DUDA GALAK JATUH CINTA

DUDA GALAK JATUH CINTA
Gagal Lagi!


Nala menunjuk dirinya dan Dhev menganggukkan kepala. Setelah Nala bangun dari duduknya, Dhev kembali ke kamar.


"Tante," rengek Ken yang melihat Nala bangun dari duduknya.


"Sebentar, ya," kata Nala seraya mengusap pucuk kepala Ken.


"A... aaa, Tante... jangan tinggalin Ken," rengek Ken menahan tangan Nala.


"Aduh, gimana ini, anak sama ayah enggak ada yang mau mengalah," batin Nala, sepertinya Nala harus memutar otaknya supaya bisa membuat keduanya bisa memahami Nala.


"Begini, Ken, sambil nunggu kamu belajar, Tante ke atas dulu, nanti tante bacakan dongeng mau?" tanya Nala dengan menatap Ken yang terlihat sangat bete.


"Ya udah, deh," jawab Ken yang kemudian melepaskan tangan Nala.


"Anak pintar," Nala mengecup kening Ken.


Setelah itu, Nala segera menyusul Dhev ke atas, mengetuk pintu lebih dulu.


"Masuk," kata Dhev yang sedang melepaskan kancing lengannya.


"Ada apa, Om?

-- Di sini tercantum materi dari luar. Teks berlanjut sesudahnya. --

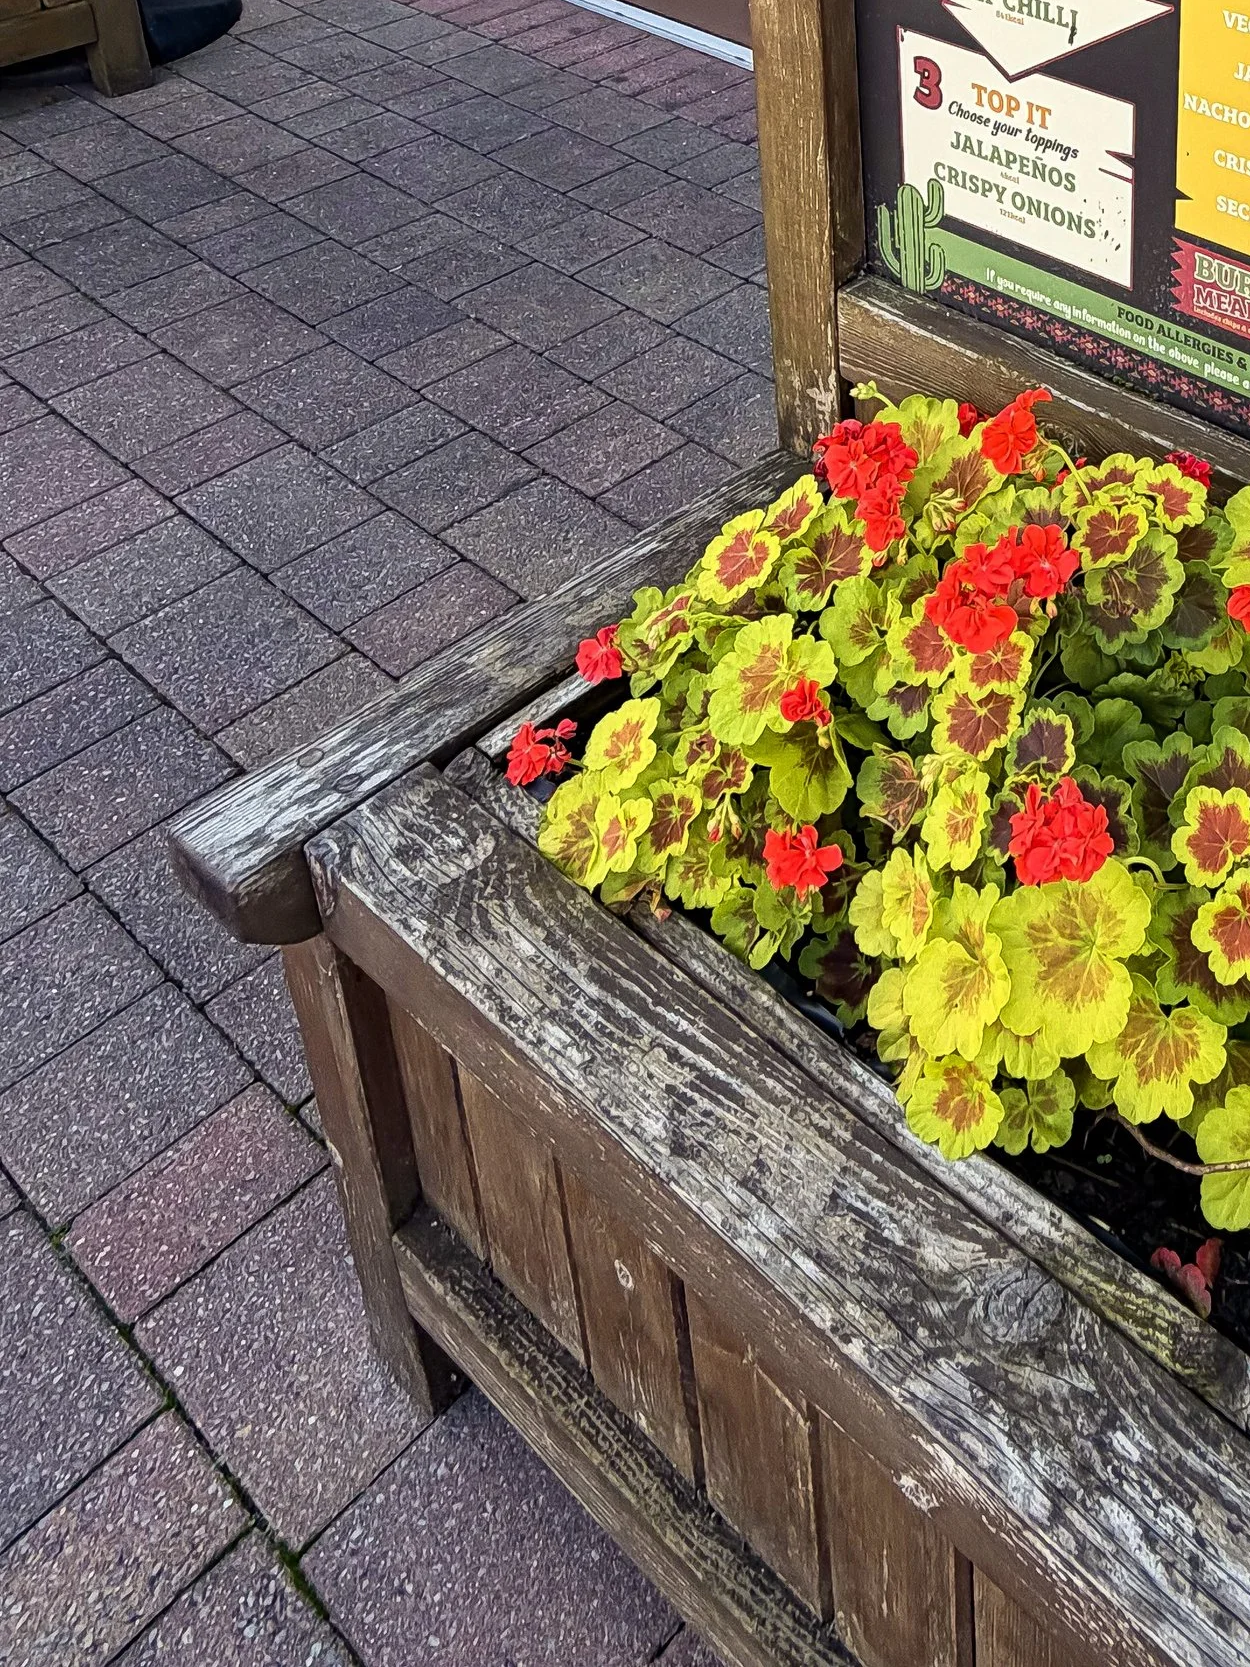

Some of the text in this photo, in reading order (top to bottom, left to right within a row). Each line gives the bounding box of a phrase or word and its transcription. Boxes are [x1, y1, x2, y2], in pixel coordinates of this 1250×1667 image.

[948, 101, 1079, 162] Choose your toppings
[972, 83, 1051, 129] TOP IT
[950, 131, 1076, 192] JALAPEÑOS
[934, 162, 1096, 239] CRISPY ONIONS
[1116, 307, 1154, 331] FOOD
[1157, 324, 1234, 365] ALLERGIES
[1236, 356, 1248, 371] &
[1168, 345, 1200, 368] above
[1204, 363, 1240, 385] please

Ken belum selesai belajar," kata Nala seraya masuk dan menutup pintu.


"Telinga ku mendadak sakit," kata Dhev seraya memasukkan jari kelingkingnya ke telinga.


"Om mau ke dokter THT?"


tanya Nala yang mengira kalau Dhev sakit sungguhan.


"Astaga," geram Dhev dalam hati.


"Dia ini terlalu polos apa terlalu bodoh, kenapa tadi berteriak memanggil sayang, sekarang jadi om lagi." Dhev masih berbicara di dalam hati.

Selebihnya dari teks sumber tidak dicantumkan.